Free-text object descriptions

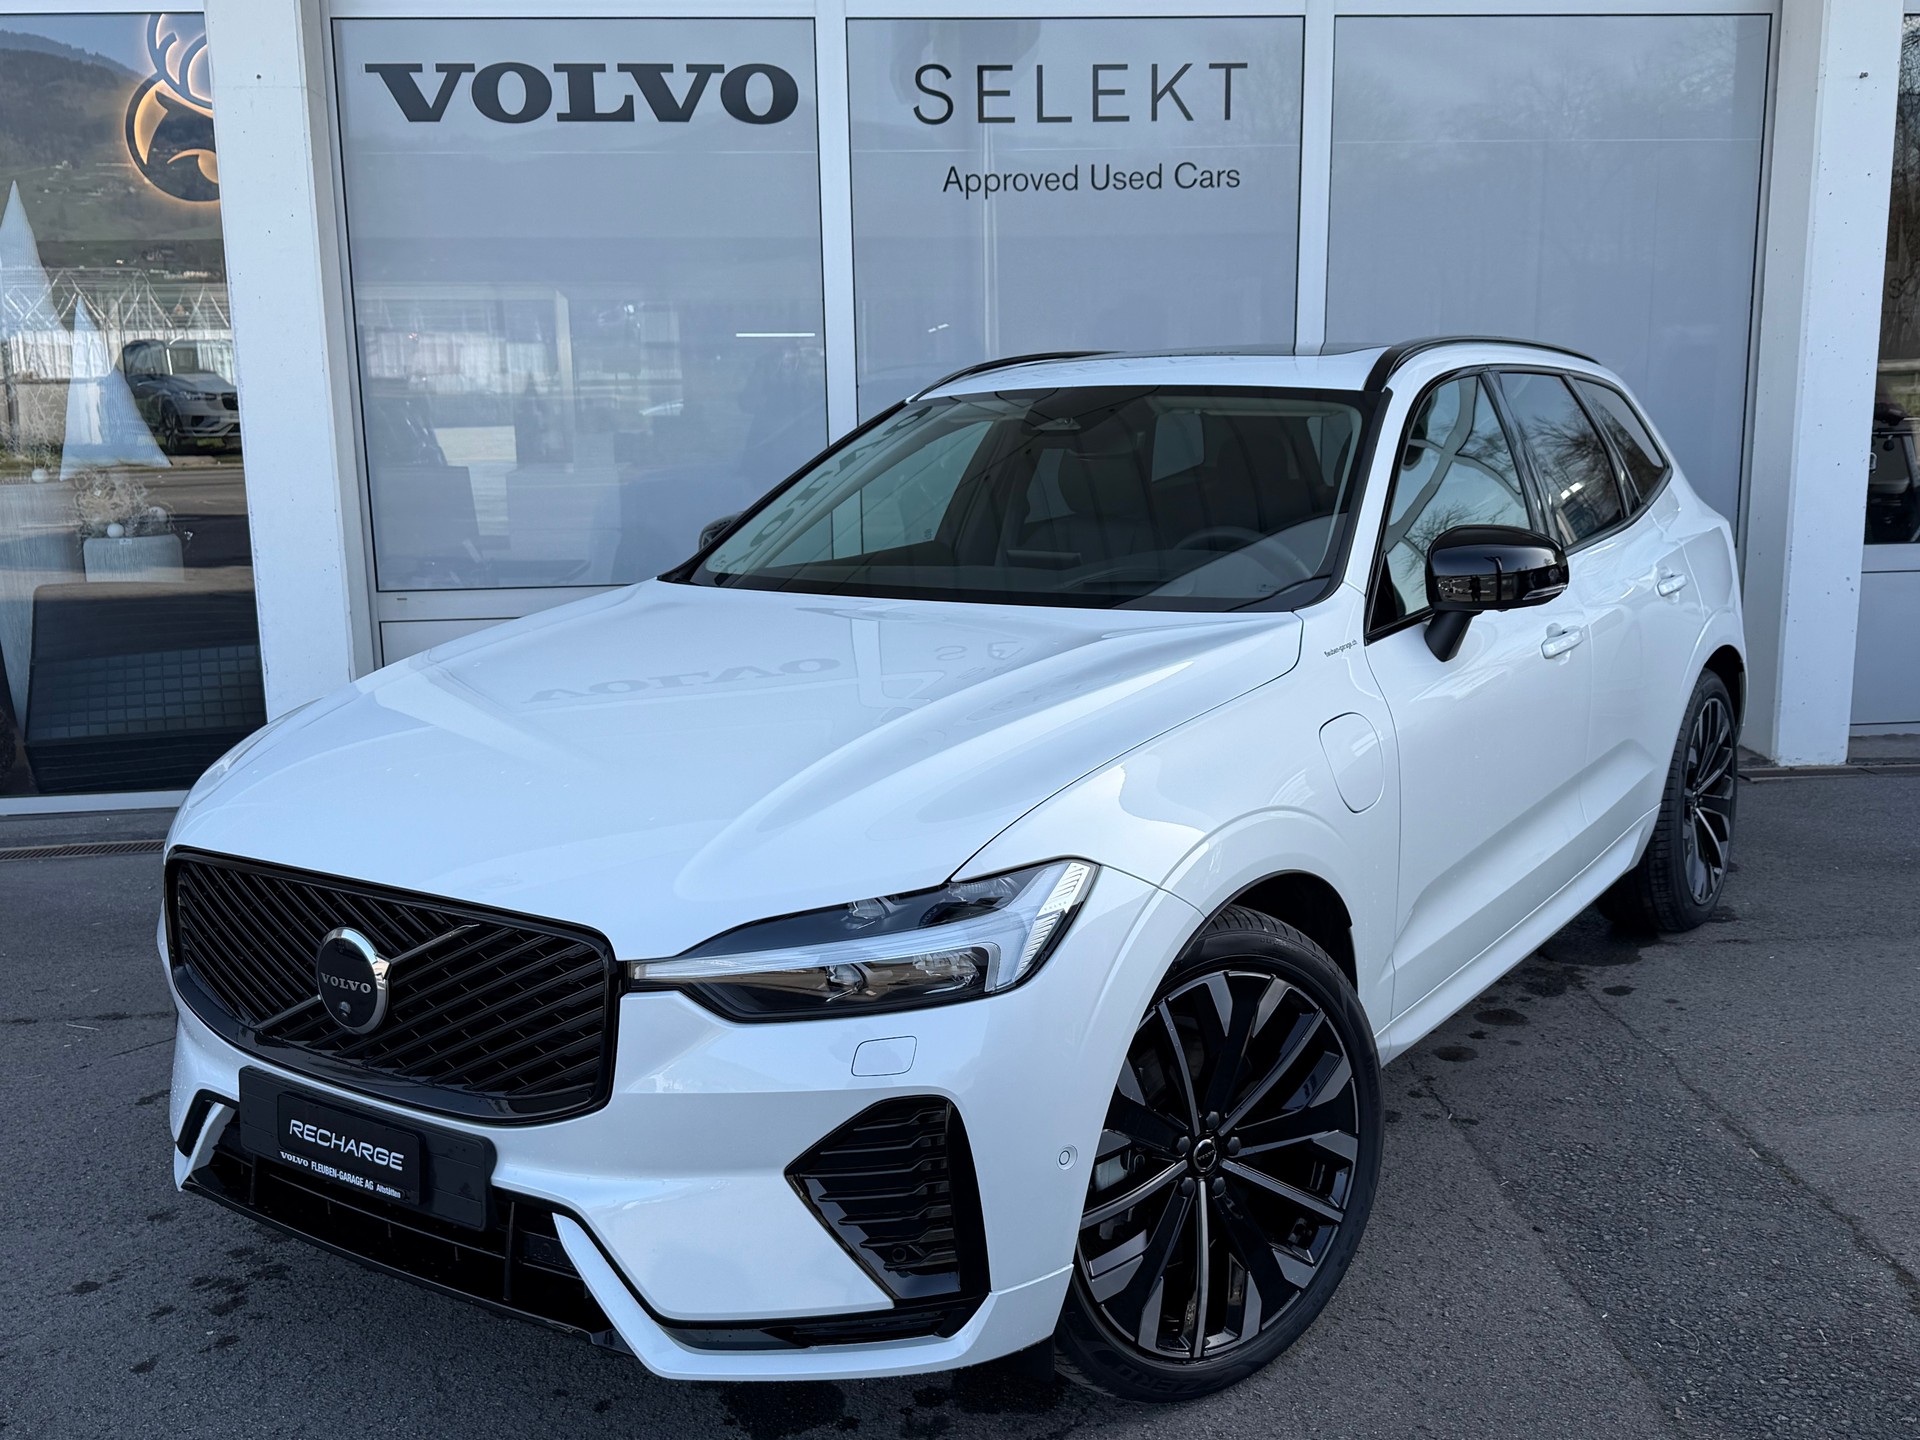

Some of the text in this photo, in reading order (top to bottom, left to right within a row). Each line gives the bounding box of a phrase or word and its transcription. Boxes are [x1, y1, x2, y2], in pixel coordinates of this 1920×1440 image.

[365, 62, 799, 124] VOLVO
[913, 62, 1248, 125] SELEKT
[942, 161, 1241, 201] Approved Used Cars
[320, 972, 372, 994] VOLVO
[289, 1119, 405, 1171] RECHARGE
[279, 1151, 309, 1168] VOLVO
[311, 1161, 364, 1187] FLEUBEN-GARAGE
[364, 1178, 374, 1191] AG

• EXERCISE REQUIREMENTS:
Line by line, transcribe the records exactly, omitting the images.

• YOUR RESPONSE:
Some of the text in this photo, in reading order (top to bottom, left to right within a row). Each line gives the bounding box of a phrase or word and its transcription. Boxes are [x1, y1, x2, y2], in pixel coordinates of this 1920×1440 image.

[365, 62, 799, 124] VOLVO
[913, 62, 1248, 125] SELEKT
[942, 161, 1241, 201] Approved Used Cars
[320, 972, 372, 994] VOLVO
[289, 1119, 405, 1171] RECHARGE
[279, 1151, 309, 1168] VOLVO
[311, 1161, 364, 1187] FLEUBEN-GARAGE
[364, 1178, 374, 1191] AG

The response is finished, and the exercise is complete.